Look, I’m just a human so my grasp of the eternal is spotty at best, but I believe the reason God used such a method is so that no human could declare themselves the source of His success. In other words the method establishes the war as a spiritual one with a spiritual outcome. To win the war in the spirit realm we must fight against the “flesh,” which can be summed up as the efforts of humanity to right itself with the spiritual on their own.
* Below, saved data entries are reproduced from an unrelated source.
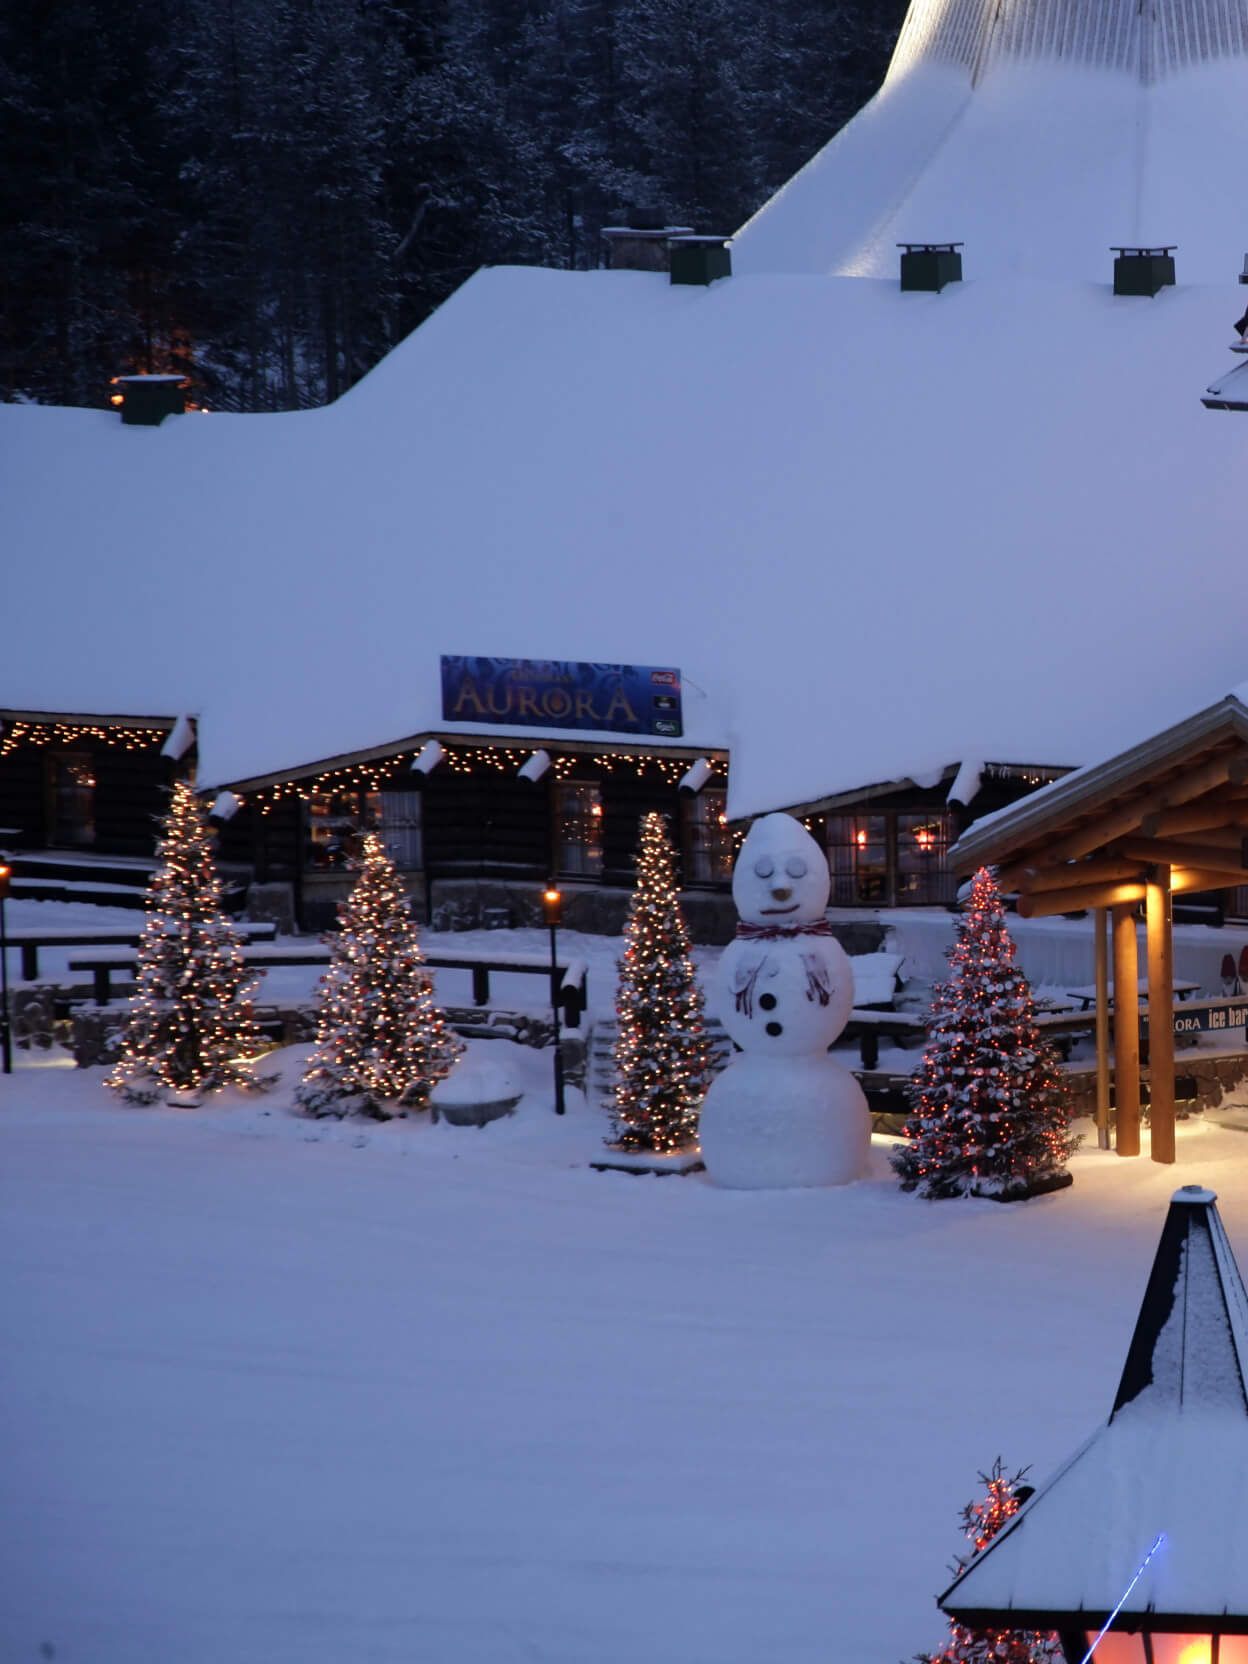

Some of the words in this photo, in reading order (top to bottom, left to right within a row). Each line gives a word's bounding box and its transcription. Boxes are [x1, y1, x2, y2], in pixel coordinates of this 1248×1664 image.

[454, 677, 639, 722] AURORA
[1209, 1008, 1226, 1029] ice
[1229, 1007, 1248, 1027] bar
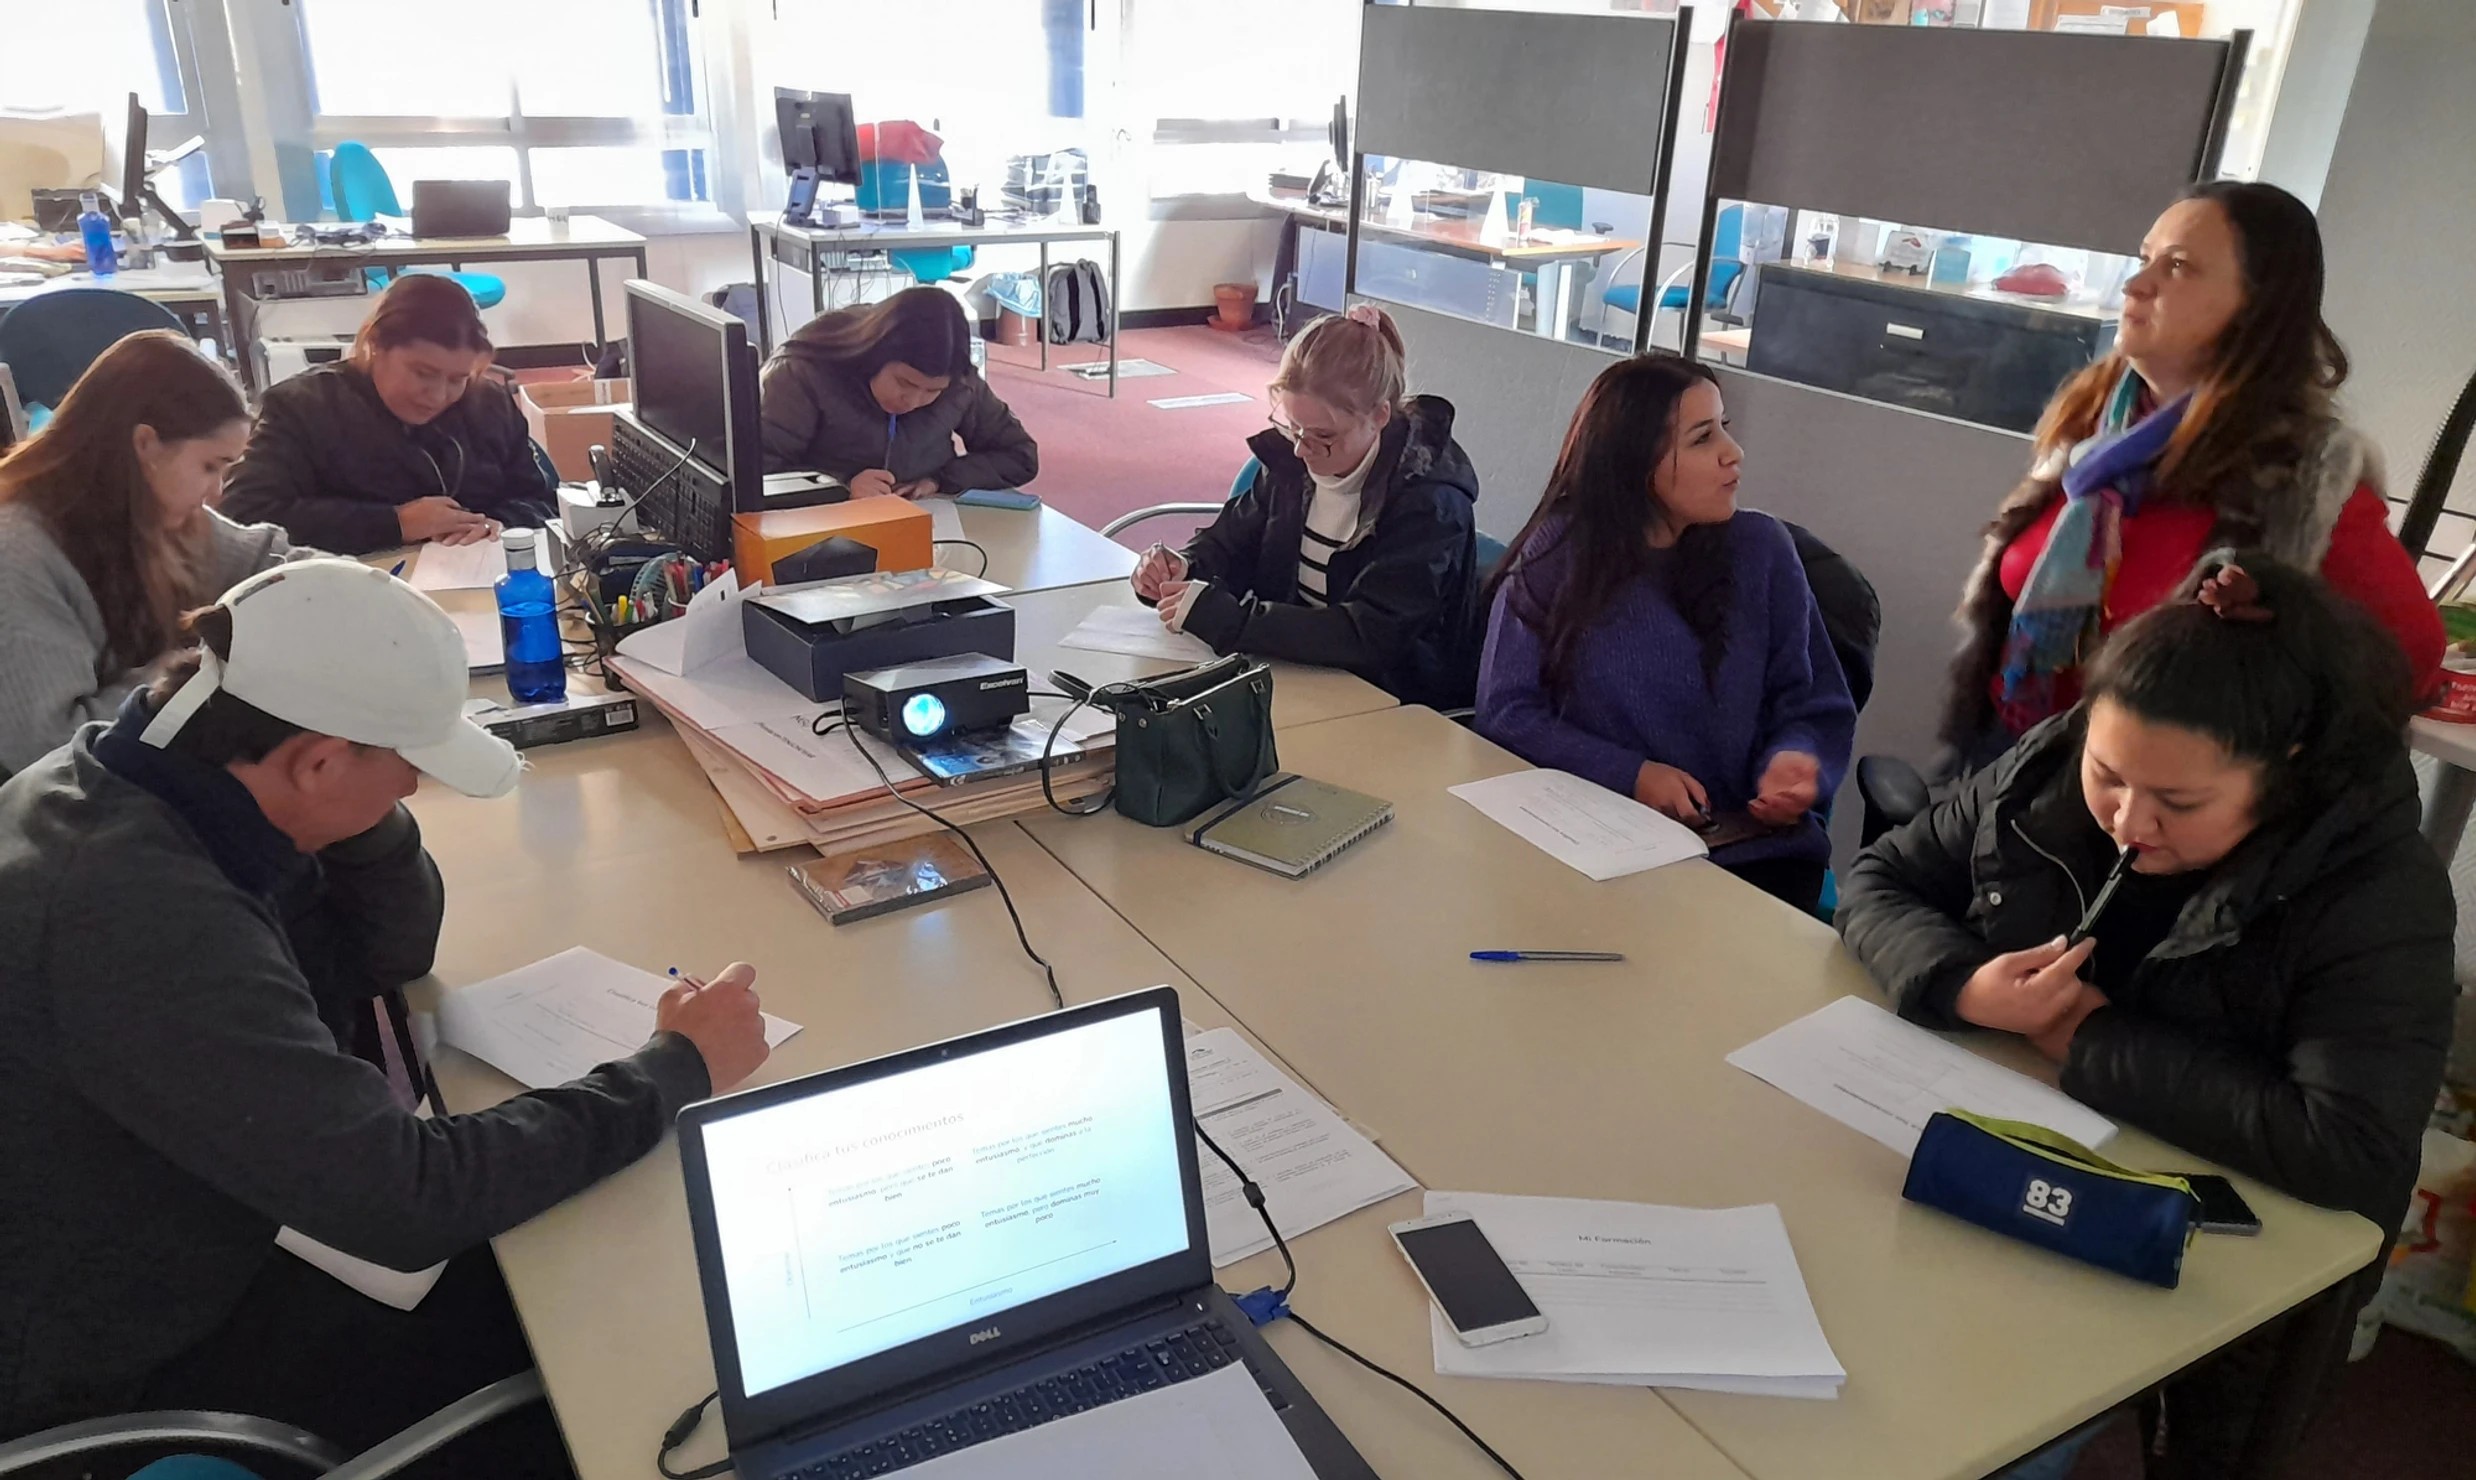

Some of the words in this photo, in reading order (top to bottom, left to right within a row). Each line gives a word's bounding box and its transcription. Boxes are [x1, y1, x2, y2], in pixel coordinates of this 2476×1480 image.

[1067, 1115, 1093, 1127] mucho
[862, 1111, 965, 1149] conocimientos
[932, 1156, 951, 1168] poco
[938, 1165, 953, 1176] dan
[981, 1206, 1005, 1219] Temas
[1006, 1202, 1019, 1213] por
[1076, 1177, 1101, 1190] mucho
[1050, 1193, 1082, 1208] dominas
[1083, 1188, 1101, 1199] muy
[2026, 1178, 2073, 1218] 83
[1035, 1211, 1054, 1224] poco
[940, 1220, 961, 1232] poco
[1594, 1234, 1652, 1246] Formación
[839, 1253, 888, 1274] entusiasmo
[912, 1242, 924, 1251] no
[946, 1230, 962, 1241] dan
[969, 1326, 1002, 1346] DELL
Unfortunately, some biblical scholars have misinterpreted the word Paul uses (flesh) to mean the physical reality and human body but this poses dichotomy for them. God created the physical right? Therefore it follows that if He established what we know as the physical realm and called it good, then calling it sinful is…? Do you see the problem here? God doesn’t create active sin just the default option for it. So if God is the source of salvation and nothing humans do affects the bottom line, then His use of the very method with which humans tried to defeat Him would make sense. Paul’s argument against the “flesh” speaks to the human spirit racked by sinful tendencies not the physical body itself. If he includes the body itself, then he does so not as a state of origin but as a vessel of memory for the works of sin. So our physical selves are infected with the virus of sin–or, better yet, the intoxicating nature of a drug we began taking in Eden. For sin is a self-induced addiction we introduced into our nature through choice not a disease we caught by exposure, therefore it can’t be a virus it has to be a spiritual substance we binge on in order to get a godlike high.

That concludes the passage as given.